## [PROBLEM DESCRIPTION]
An exact copy of the records is required, minus the pictures they hold.

────────────────

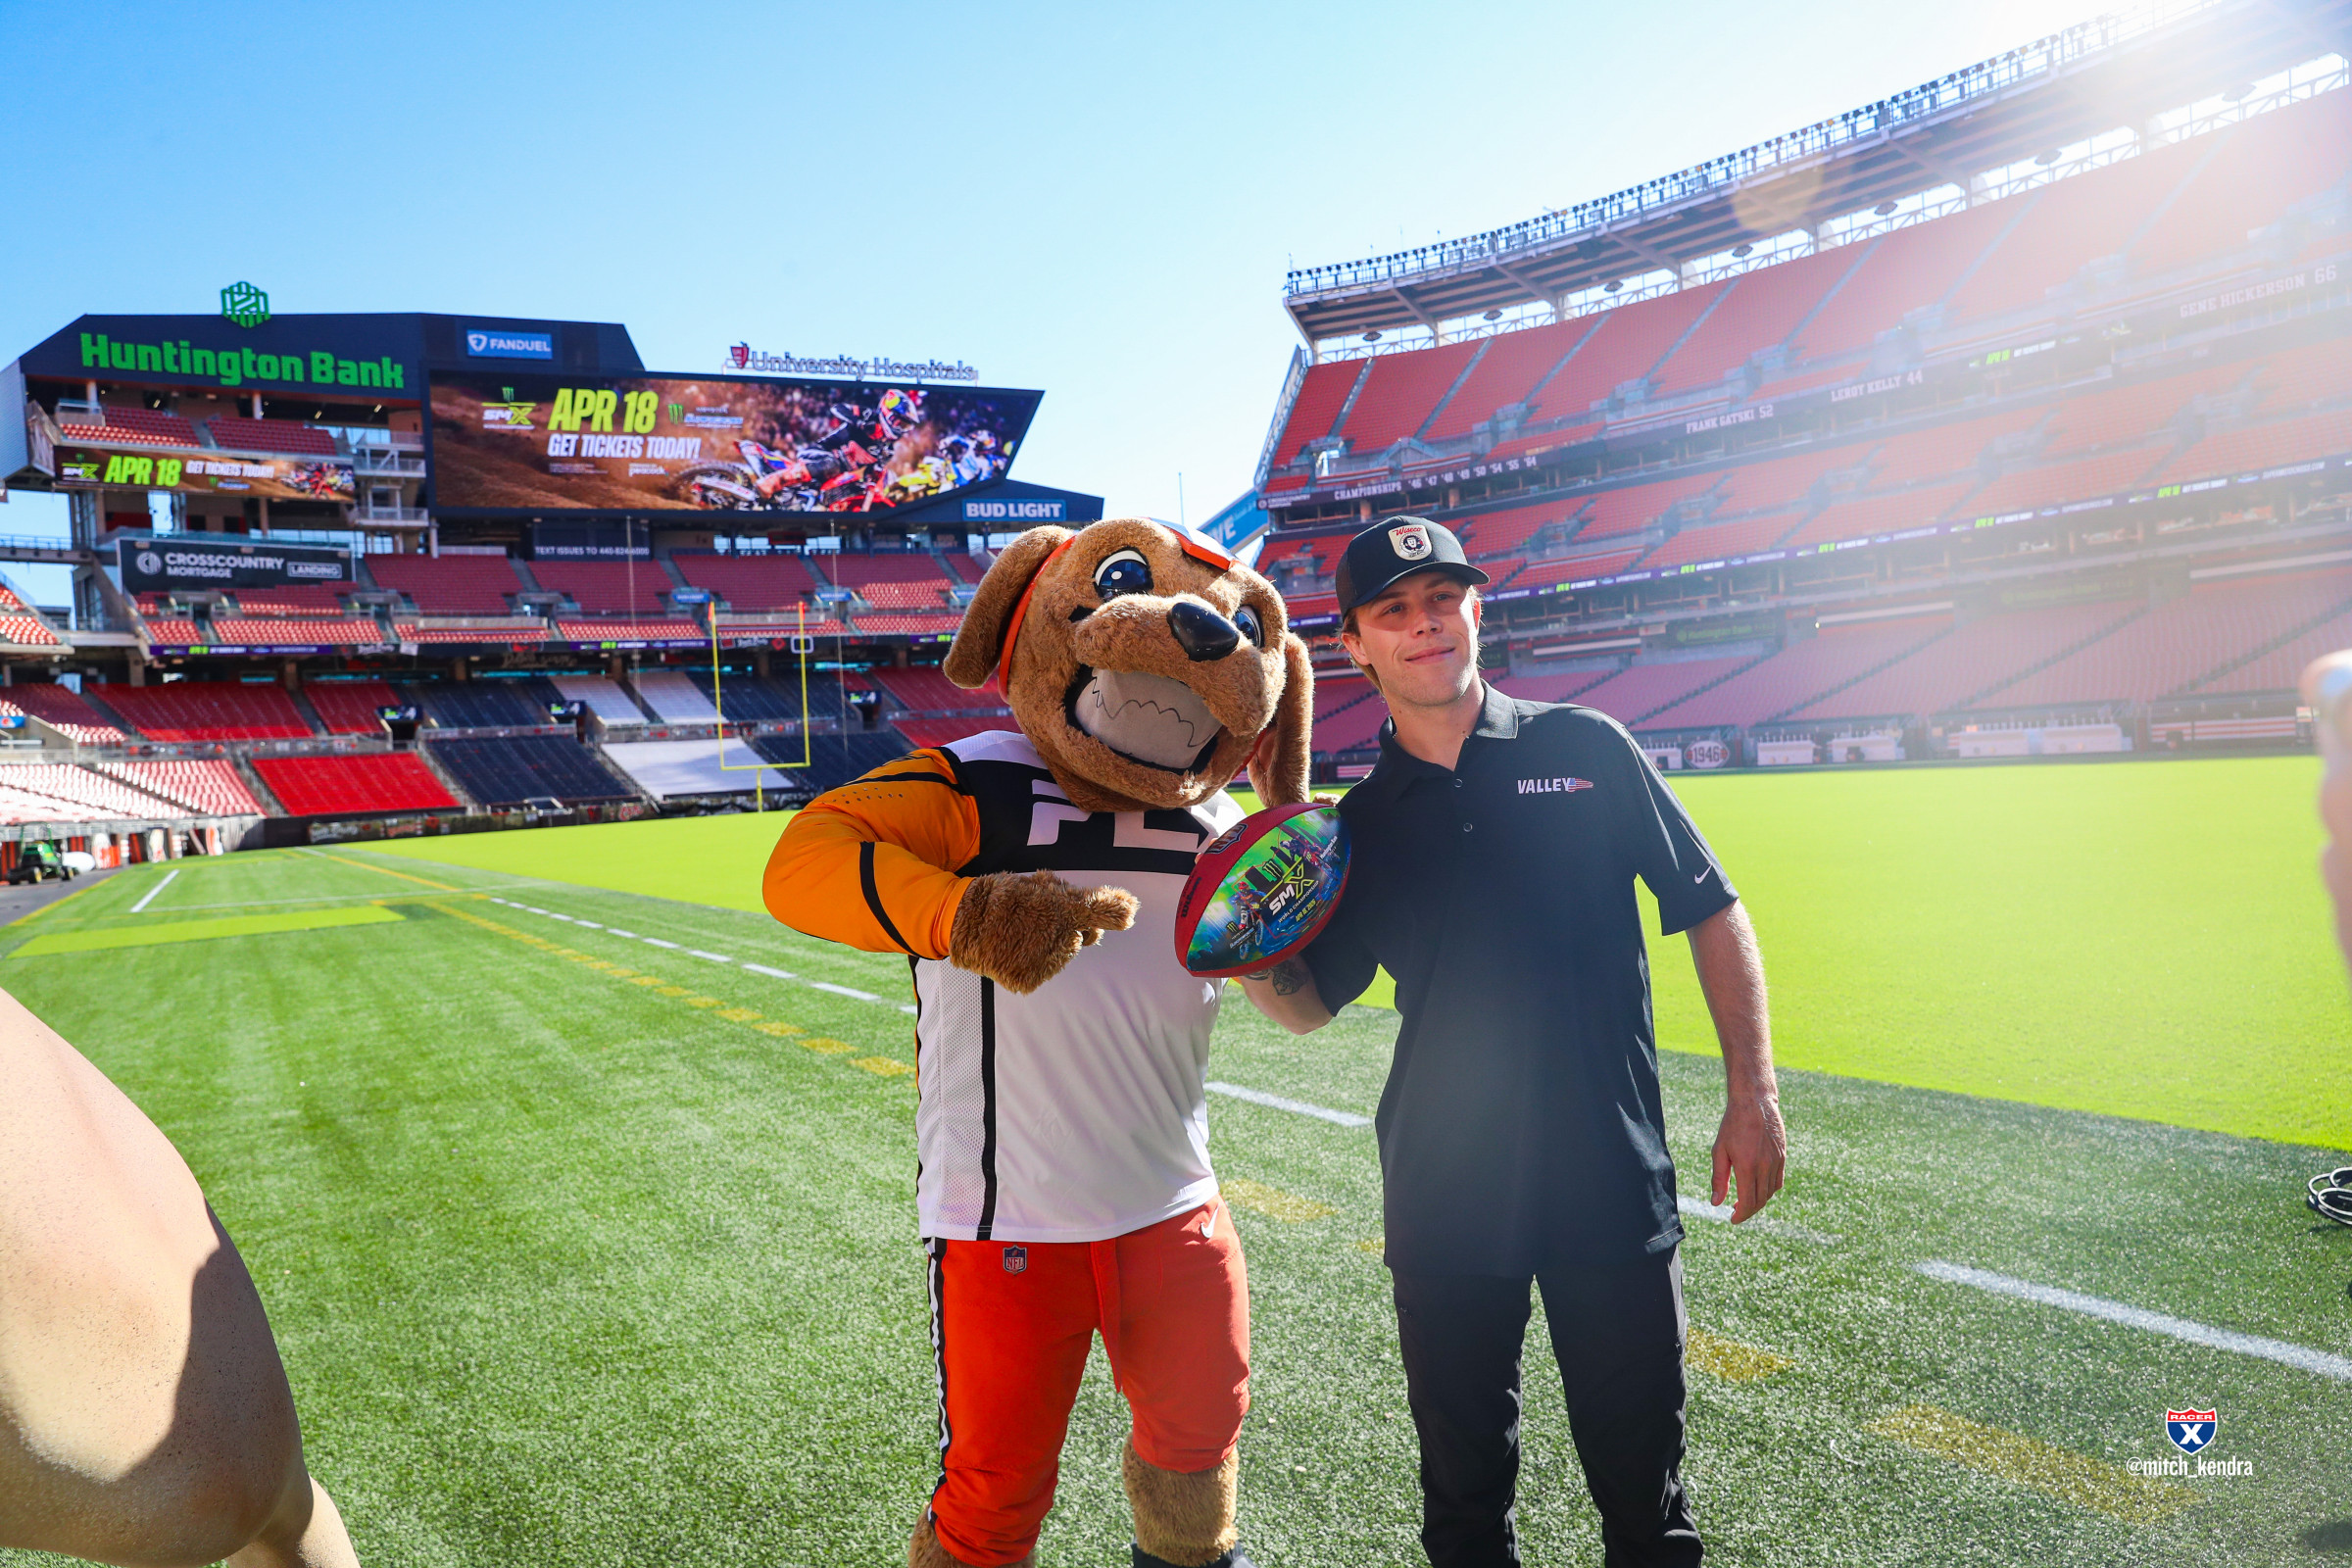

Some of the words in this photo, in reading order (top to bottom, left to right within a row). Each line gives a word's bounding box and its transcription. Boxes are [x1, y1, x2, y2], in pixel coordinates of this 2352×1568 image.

[2180, 297, 2217, 318] GENE
[2221, 272, 2306, 309] HICKERSON
[2315, 265, 2337, 285] 66
[489, 338, 551, 352] FANDUEL
[80, 332, 305, 386] Huntington
[310, 351, 405, 389] Bank
[752, 351, 868, 381] University
[874, 357, 977, 384] Hospitals
[1831, 383, 1865, 403] LEROY
[1867, 374, 1902, 394] KELLY
[1906, 368, 1924, 385] 44
[547, 387, 618, 433] APR
[622, 390, 660, 434] 18
[1686, 416, 1719, 434] FRANK
[1719, 408, 1755, 427] GATSKI
[1759, 403, 1775, 418] 52
[547, 433, 579, 458] GET
[580, 434, 644, 460] TICKETS
[645, 436, 702, 460] TODAY!
[103, 455, 154, 486] APR
[156, 458, 183, 487] 18
[1334, 481, 1402, 501] CHAMPIONSHIPS
[965, 502, 1007, 518] BUD
[1007, 502, 1062, 518] LIGHT
[1393, 526, 1423, 536] Wiseco
[534, 545, 556, 556] TEXT
[557, 546, 584, 556] ISSUES
[586, 546, 599, 556] TO
[164, 552, 285, 570] CROSSCOUNTRY
[291, 564, 340, 576] LANDING
[166, 565, 233, 579] MORTGAGE
[1692, 745, 1720, 763] 1946
[1517, 777, 1571, 795] VALLEY
[1268, 862, 1315, 916] SMX
[1006, 1257, 1024, 1270] NFL
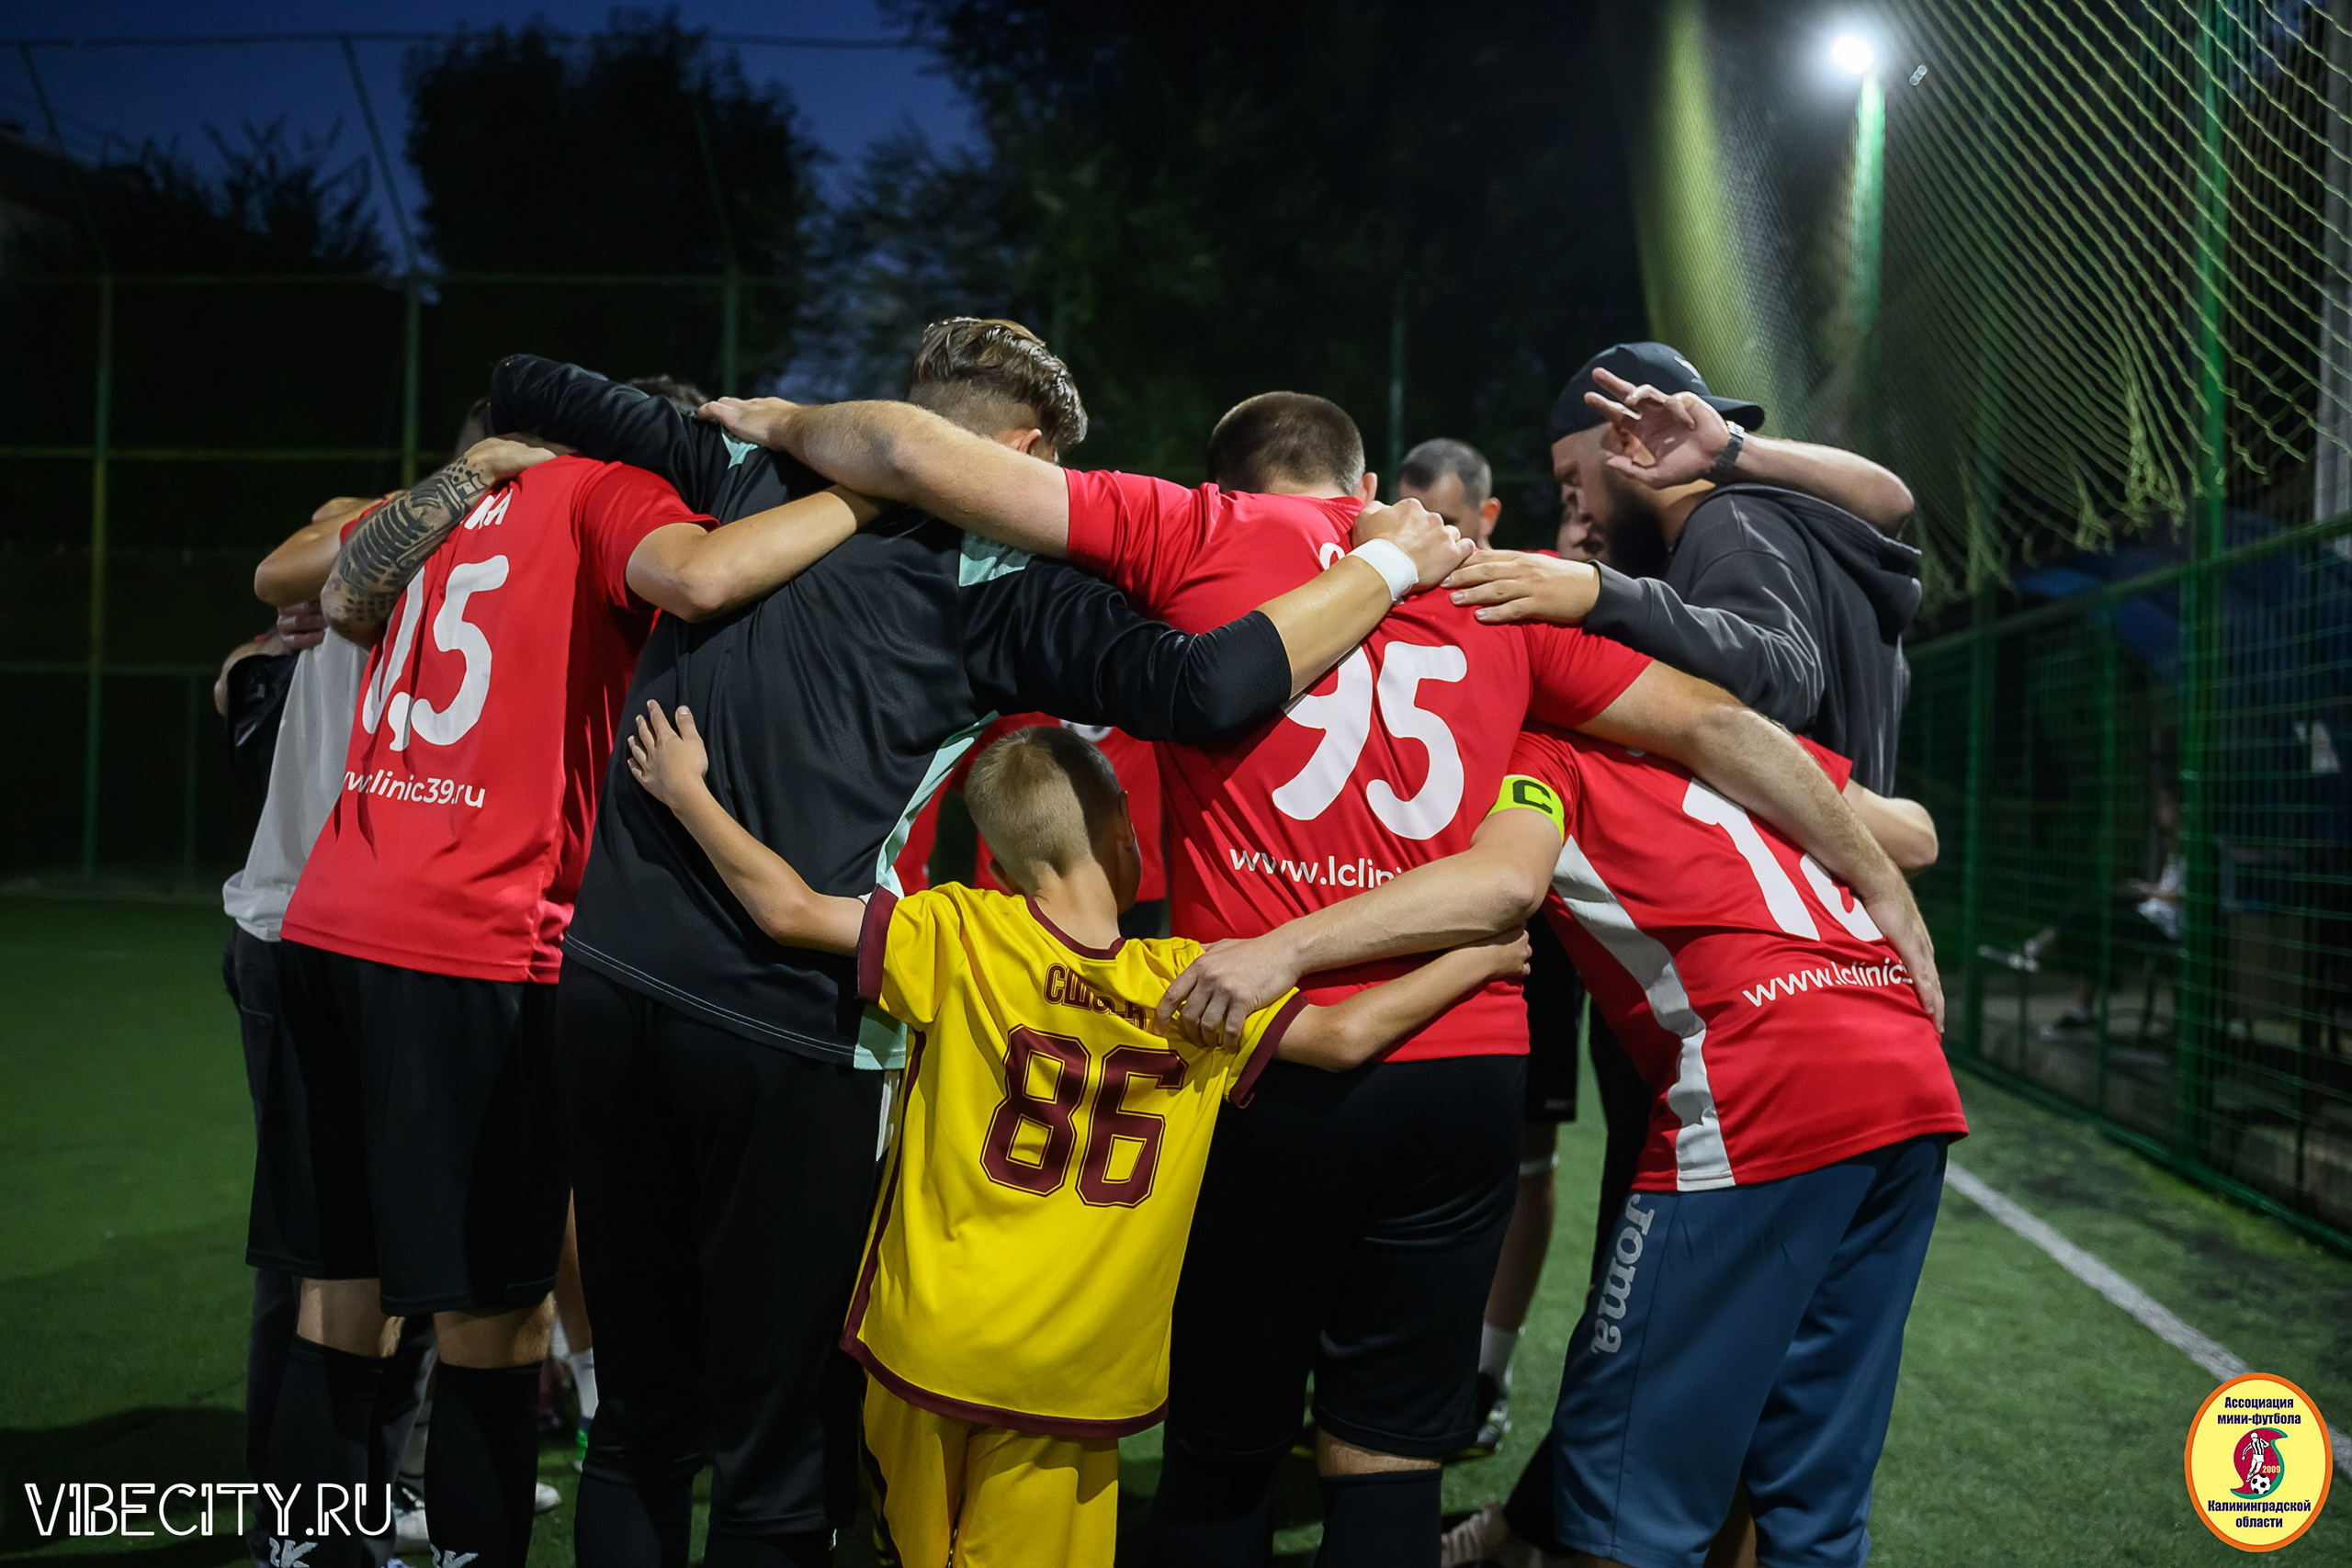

────────────────

## [OUTPUT]
Some of the words in this photo, in reading order (top to bottom, left to right within a row). Each line gives a word's bounding box and its transcription. Boxes are [x1, y1, x2, y2], in pixel coordinates of this 2352×1568 image.

[2180, 297, 2217, 318] GENE
[2221, 272, 2306, 309] HICKERSON
[2315, 265, 2337, 285] 66
[489, 338, 551, 352] FANDUEL
[80, 332, 305, 386] Huntington
[310, 351, 405, 389] Bank
[752, 351, 868, 381] University
[874, 357, 977, 384] Hospitals
[1831, 383, 1865, 403] LEROY
[1867, 374, 1902, 394] KELLY
[1906, 368, 1924, 385] 44
[547, 387, 618, 433] APR
[622, 390, 660, 434] 18
[1686, 416, 1719, 434] FRANK
[1719, 408, 1755, 427] GATSKI
[1759, 403, 1775, 418] 52
[547, 433, 579, 458] GET
[580, 434, 644, 460] TICKETS
[645, 436, 702, 460] TODAY!
[103, 455, 154, 486] APR
[156, 458, 183, 487] 18
[1334, 481, 1402, 501] CHAMPIONSHIPS
[965, 502, 1007, 518] BUD
[1007, 502, 1062, 518] LIGHT
[1393, 526, 1423, 536] Wiseco
[534, 545, 556, 556] TEXT
[557, 546, 584, 556] ISSUES
[586, 546, 599, 556] TO
[164, 552, 285, 570] CROSSCOUNTRY
[291, 564, 340, 576] LANDING
[166, 565, 233, 579] MORTGAGE
[1692, 745, 1720, 763] 1946
[1517, 777, 1571, 795] VALLEY
[1268, 862, 1315, 916] SMX
[1006, 1257, 1024, 1270] NFL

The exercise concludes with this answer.